## Your instructions
An exact transcript is needed of the material below, beginning at the line that contains "this 1600×1202 image." and continuing through its last line; nothing else should appear.

## Provided material
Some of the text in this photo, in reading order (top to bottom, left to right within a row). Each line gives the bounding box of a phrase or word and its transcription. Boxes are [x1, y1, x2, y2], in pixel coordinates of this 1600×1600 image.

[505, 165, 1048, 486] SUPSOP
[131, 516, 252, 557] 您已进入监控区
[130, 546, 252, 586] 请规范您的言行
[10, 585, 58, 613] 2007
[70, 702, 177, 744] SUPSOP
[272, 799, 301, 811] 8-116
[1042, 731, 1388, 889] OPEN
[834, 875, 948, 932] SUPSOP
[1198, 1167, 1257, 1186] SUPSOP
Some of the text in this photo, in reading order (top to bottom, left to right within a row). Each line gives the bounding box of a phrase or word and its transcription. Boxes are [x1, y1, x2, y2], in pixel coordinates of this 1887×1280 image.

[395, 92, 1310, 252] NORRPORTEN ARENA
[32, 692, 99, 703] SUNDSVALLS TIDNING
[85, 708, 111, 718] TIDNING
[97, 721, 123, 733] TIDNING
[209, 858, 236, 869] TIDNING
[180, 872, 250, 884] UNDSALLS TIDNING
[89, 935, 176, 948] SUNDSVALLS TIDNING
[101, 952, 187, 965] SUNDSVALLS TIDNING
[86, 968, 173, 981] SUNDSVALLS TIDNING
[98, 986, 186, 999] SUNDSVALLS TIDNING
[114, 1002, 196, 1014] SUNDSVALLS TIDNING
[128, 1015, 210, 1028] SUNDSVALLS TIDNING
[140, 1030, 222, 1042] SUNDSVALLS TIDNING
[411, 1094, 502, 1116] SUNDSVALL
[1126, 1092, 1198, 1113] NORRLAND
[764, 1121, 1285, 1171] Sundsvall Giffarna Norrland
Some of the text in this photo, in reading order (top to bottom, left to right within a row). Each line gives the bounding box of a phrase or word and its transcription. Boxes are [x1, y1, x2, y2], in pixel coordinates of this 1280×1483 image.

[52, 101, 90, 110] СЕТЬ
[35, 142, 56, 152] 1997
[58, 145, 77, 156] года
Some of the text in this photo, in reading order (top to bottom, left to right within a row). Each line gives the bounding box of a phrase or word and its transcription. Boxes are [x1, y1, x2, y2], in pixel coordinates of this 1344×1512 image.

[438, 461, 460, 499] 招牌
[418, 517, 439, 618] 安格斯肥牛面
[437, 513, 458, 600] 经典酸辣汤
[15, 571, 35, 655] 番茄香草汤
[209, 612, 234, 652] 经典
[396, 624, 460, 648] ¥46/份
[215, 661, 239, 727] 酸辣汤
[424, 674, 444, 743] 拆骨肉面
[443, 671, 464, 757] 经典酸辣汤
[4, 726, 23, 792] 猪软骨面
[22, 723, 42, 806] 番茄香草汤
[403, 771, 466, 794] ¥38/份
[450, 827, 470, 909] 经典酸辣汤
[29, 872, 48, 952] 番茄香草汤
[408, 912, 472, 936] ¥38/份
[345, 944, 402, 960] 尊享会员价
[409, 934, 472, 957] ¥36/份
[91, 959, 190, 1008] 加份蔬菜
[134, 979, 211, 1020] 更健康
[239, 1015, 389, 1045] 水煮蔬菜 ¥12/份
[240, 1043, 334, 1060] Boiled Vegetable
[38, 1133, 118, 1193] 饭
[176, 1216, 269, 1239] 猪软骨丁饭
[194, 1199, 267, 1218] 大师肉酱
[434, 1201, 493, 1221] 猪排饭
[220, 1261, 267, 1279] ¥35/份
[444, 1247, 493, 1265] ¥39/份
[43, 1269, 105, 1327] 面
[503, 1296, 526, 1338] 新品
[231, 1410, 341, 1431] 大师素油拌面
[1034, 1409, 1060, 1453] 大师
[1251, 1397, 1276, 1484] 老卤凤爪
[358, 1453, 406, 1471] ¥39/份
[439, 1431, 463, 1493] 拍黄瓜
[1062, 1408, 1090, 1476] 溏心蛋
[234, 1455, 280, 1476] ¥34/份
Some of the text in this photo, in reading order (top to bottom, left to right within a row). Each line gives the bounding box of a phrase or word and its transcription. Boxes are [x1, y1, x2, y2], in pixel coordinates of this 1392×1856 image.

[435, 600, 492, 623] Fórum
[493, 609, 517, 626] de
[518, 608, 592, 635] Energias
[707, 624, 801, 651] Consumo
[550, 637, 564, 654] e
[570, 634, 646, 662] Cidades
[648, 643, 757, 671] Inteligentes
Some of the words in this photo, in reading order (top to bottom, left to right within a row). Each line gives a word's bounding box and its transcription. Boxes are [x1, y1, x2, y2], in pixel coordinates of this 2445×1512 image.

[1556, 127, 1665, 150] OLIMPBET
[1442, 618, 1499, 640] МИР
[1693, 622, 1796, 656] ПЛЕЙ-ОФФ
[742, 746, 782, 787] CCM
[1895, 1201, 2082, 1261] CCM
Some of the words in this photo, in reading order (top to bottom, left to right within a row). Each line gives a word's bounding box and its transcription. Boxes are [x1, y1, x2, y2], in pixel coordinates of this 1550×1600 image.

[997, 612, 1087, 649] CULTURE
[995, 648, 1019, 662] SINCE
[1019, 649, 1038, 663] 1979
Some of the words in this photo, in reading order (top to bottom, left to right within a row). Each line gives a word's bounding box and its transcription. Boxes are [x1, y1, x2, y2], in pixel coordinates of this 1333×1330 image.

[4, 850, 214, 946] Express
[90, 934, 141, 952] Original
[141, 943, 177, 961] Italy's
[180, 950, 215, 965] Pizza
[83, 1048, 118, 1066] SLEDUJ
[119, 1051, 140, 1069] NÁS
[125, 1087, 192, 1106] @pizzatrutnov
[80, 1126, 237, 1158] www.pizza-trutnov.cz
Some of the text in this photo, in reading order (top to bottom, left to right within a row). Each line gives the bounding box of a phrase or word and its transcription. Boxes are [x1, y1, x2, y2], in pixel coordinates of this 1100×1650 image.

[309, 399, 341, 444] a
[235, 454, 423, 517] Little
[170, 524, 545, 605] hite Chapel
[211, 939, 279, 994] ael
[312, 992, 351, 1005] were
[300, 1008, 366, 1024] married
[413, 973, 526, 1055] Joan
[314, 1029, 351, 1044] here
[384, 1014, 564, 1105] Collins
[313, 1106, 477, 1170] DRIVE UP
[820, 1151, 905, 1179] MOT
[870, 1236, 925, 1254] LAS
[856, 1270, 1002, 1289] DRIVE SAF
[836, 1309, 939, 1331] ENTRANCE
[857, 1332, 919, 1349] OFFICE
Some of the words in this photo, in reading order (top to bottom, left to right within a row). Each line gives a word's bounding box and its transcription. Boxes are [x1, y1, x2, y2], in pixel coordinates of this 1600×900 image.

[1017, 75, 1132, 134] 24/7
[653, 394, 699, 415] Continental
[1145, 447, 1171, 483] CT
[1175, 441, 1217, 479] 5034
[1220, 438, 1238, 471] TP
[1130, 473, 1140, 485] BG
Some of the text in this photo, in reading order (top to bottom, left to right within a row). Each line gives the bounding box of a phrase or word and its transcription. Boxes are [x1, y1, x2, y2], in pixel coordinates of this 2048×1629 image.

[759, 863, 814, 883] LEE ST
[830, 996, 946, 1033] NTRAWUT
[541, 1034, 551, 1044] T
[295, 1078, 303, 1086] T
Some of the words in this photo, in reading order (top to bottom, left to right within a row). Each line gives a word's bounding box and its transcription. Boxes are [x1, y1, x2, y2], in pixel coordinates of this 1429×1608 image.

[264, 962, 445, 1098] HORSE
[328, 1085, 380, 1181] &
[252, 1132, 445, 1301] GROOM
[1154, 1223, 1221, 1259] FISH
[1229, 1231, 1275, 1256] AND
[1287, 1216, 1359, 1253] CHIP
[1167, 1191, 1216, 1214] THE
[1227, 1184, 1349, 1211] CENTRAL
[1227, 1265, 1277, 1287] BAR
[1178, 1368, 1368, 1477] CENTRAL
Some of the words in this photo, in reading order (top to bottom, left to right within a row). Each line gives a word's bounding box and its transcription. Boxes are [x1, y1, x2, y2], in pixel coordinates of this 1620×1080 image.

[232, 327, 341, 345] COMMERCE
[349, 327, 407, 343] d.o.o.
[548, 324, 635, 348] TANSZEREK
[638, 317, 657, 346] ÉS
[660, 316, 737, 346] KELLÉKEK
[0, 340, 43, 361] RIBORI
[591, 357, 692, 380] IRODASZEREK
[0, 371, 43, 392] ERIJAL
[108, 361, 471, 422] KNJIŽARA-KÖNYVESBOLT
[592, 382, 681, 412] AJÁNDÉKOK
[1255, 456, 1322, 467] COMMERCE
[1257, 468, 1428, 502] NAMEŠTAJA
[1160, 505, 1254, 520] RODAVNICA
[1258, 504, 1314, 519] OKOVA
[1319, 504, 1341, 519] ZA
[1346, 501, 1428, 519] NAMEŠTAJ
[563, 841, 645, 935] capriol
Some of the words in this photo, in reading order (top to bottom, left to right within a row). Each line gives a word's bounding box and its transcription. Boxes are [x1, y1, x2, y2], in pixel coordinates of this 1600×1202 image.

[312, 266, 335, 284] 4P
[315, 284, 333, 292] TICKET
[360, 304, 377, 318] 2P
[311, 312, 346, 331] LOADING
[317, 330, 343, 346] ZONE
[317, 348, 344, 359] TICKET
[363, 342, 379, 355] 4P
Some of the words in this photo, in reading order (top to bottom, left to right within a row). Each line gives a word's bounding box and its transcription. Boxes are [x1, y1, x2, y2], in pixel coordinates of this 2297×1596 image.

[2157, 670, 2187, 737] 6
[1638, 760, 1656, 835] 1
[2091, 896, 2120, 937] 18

## Answer
Some of the words in this photo, in reading order (top to bottom, left to right within a row). Each line gives a word's bounding box and its transcription. Boxes are [x1, y1, x2, y2], in pixel coordinates of this 1600×1202 image.

[312, 266, 335, 284] 4P
[315, 284, 333, 292] TICKET
[360, 304, 377, 318] 2P
[311, 312, 346, 331] LOADING
[317, 330, 343, 346] ZONE
[317, 348, 344, 359] TICKET
[363, 342, 379, 355] 4P
Some of the words in this photo, in reading order (top to bottom, left to right within a row). Each line gives a word's bounding box and its transcription. Boxes are [x1, y1, x2, y2], in pixel coordinates of this 2297×1596 image.

[2157, 670, 2187, 737] 6
[1638, 760, 1656, 835] 1
[2091, 896, 2120, 937] 18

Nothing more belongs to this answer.